Charles Lloyd – Quartets
ECM 372 9512
Charles Lloyd/Jason Moran – Hagar’s Song
ECM 372 4550
(CD Reviews by Chris Parker)
The 1989 return of saxophonist/flautist/composer Charles Lloyd to regular recording and touring, after nearly twenty years’ absence from the jazz scene (give or take a shortish collaboration with Michel Petruccciani in the early 1980s), was particularly welcome not only because it restored to the music one of its most immediately recognisable and affecting saxophone tones, but also because it emphasised, courtesy of Lloyd’s choice of (mainly) European partners such as pianist Bobo Stenson(featured on all five albums anthologised in this box), bassists Palle Danielsson and Anders Jormin and drummer Jon Christensen(replaced initially by Ralph Peterson and subsequently by Billy Hart), the fact that the music’s centre of gravity had shifted eastward in the intervening years.

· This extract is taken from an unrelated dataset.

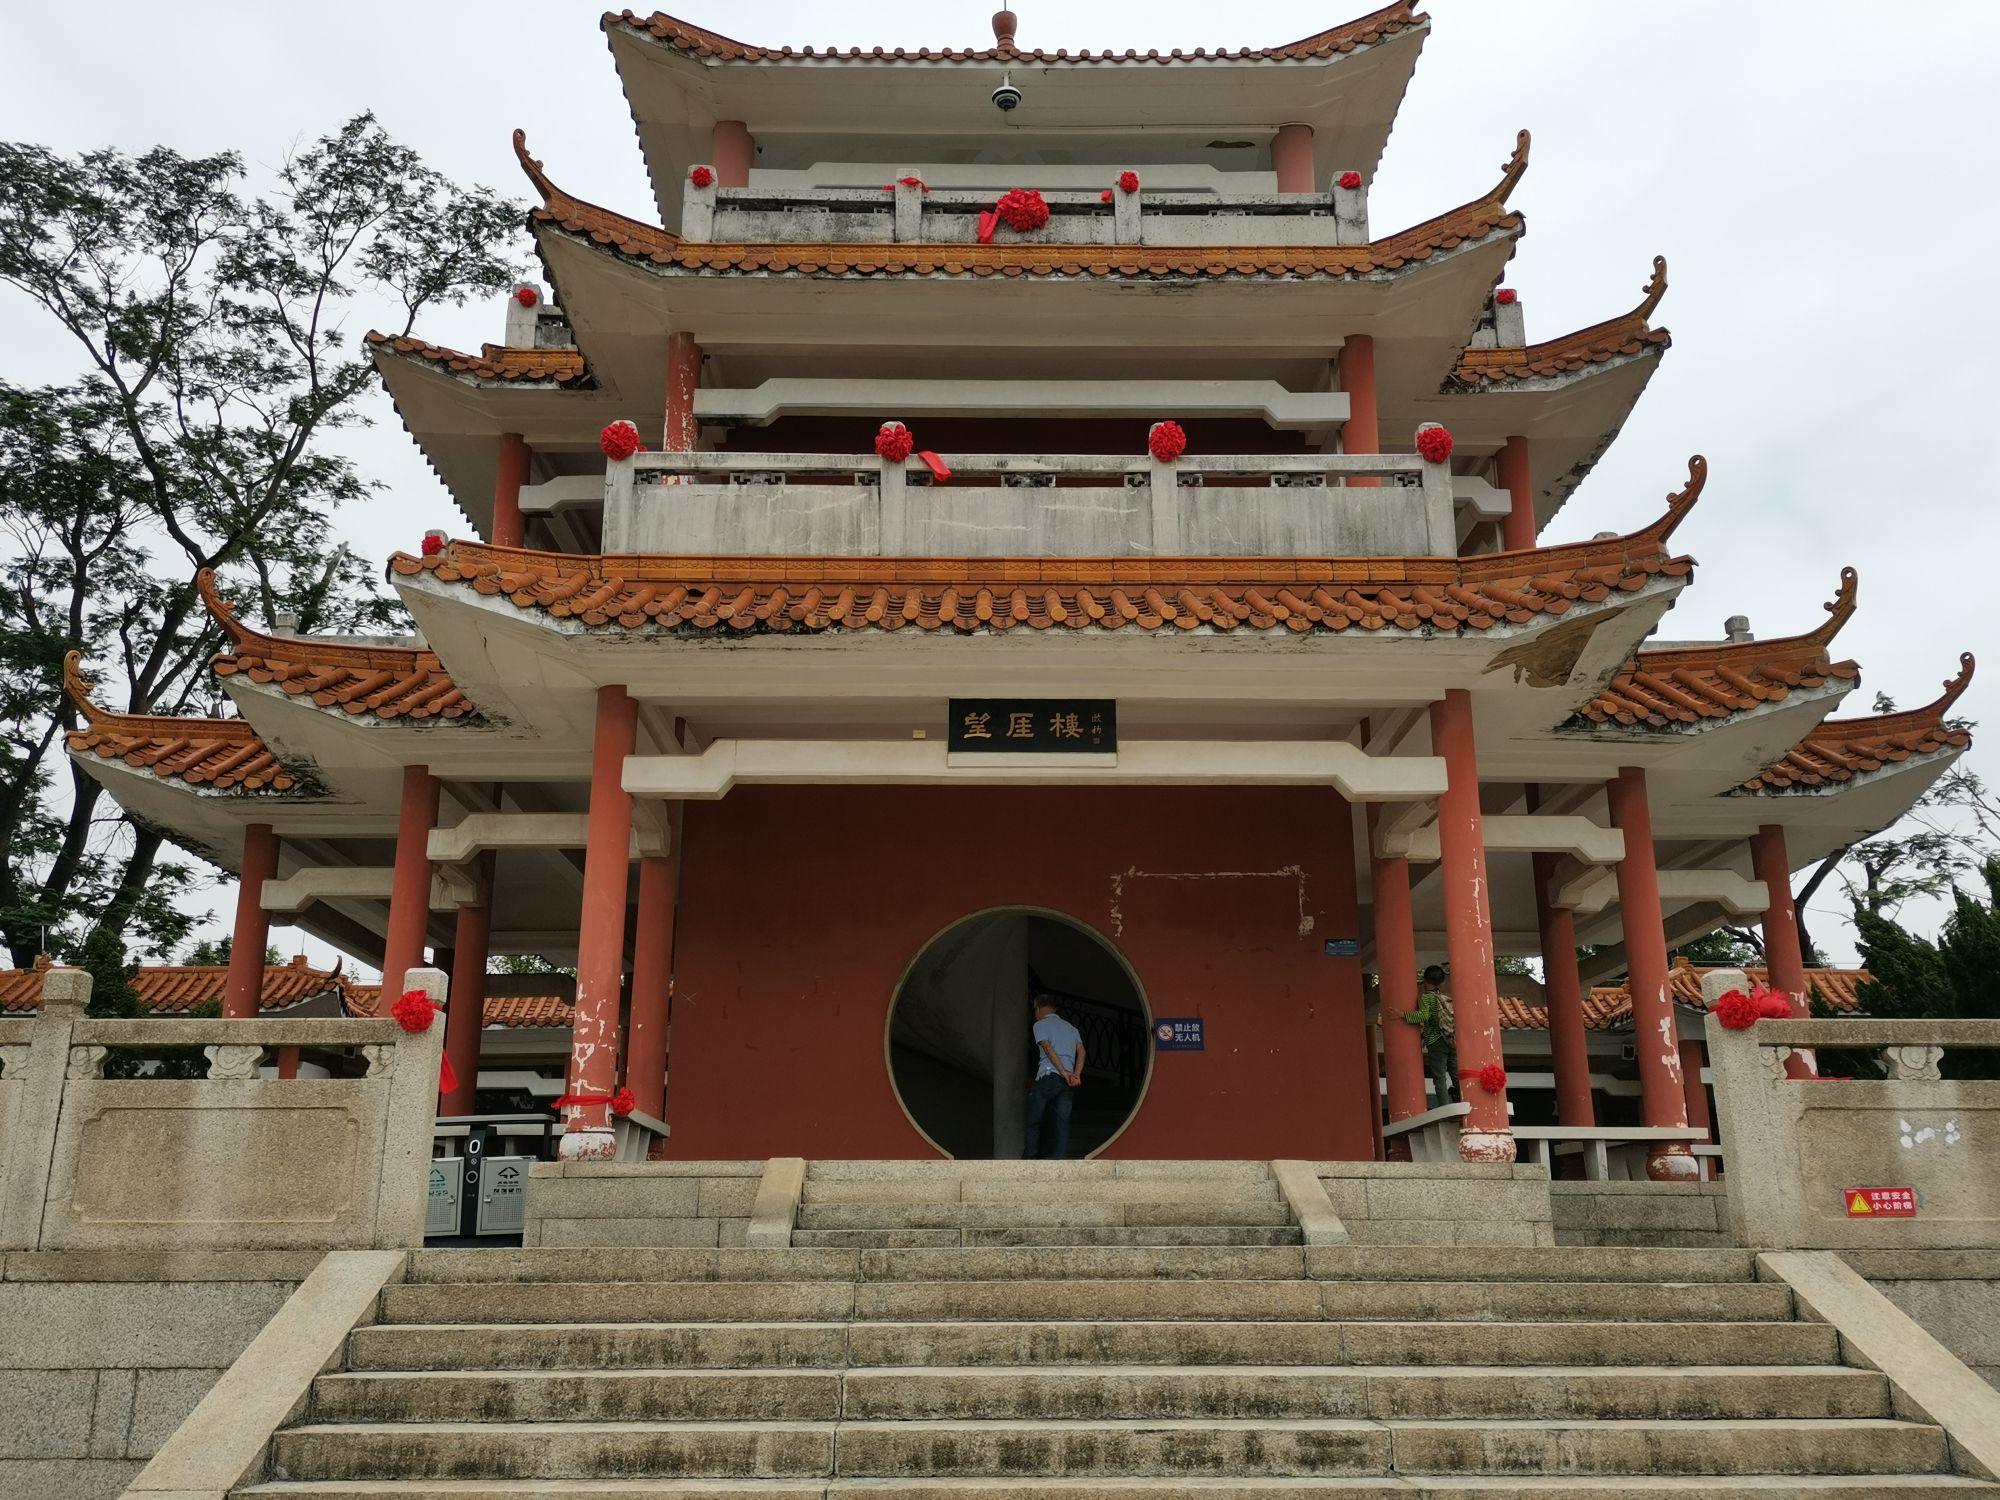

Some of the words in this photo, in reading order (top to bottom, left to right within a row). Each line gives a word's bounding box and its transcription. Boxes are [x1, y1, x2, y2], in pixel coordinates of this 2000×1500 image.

Like Keith Jarrett (an early sideman of his) before him, Lloyd clearly recognised the power, eloquence, freedom and grace characteristic of Scandinavian jazz musicians of the period, and swiftly established himself in what has since become a natural home on ECM, describing his initial exposure to the sound captured in Oslo’s Rainbow Studio as a ‘blessing … transparent. You could hear everything, wherever you turned, individuals but also the ensemble.’
These five albums, Fish Out of Water, Notes from Big Sur, All My Relations, The Call and Canto, recorded between July 1989 and December 1996, form an astonishingly consistent sequence, all perfectly showcasing Lloyd’s unique sound, a rapturous but surprisingly robust warble, touching, expressive, utterly individual yet immediately accessible, and they are also archetypal ECM productions, Stenson in particular embodying all the label’s trademark strengths: sensitivity, musical intelligence and wit, lyricism and freedom of spirit.
Hagar’s Song documents Lloyd’s bond with his current pianist, Jason Moran, and celebrates the saxophonist’s 75th birthday by drawing its material from composers who have touched his life – Ellington and Strayhorn (‘Mood Indigo’ and ‘Pretty Girl’ respectively), Gershwin (‘Bess, You is My Woman Now’), Earl Hines (‘Rosetta’) – plus a couple of songs connected with favourite singers, Chris Connor and Billie Holiday, but its centrepiece is even more personal: a suite of originals dedicated to Lloyd’s great-great-grandmother, torn from her parents at ten and impregnated four years later by a slaveowner who subsequently sold her to his son. These five pieces are suitably sombre and less regular in tempo than the rest of the album, Lloyd’s tenor in particular (he also plays flute and alto) bringing a mournful, occasionally rasping urgent earnestness to the music, so that the florid playfulness of the following track, ‘Rosetta’, on which Moran is particularly spirited, is especially welcome.
Concluding with touching but cogent visits to two rock songs with which Lloyd has a personal connection, Brian Wilson’s ‘God Only Knows’ (he played on Pet Sounds) and Dylan’s ‘I Shall be Released’ (he used to visit the Band and Dylan in Woodstock and was a friend of the late Levon Helm), this is a deeply felt and moving album from a truly great jazz figure who shows no sign whatever of allowing his music to lose any of its intensity, deep into his eighth decade as he is.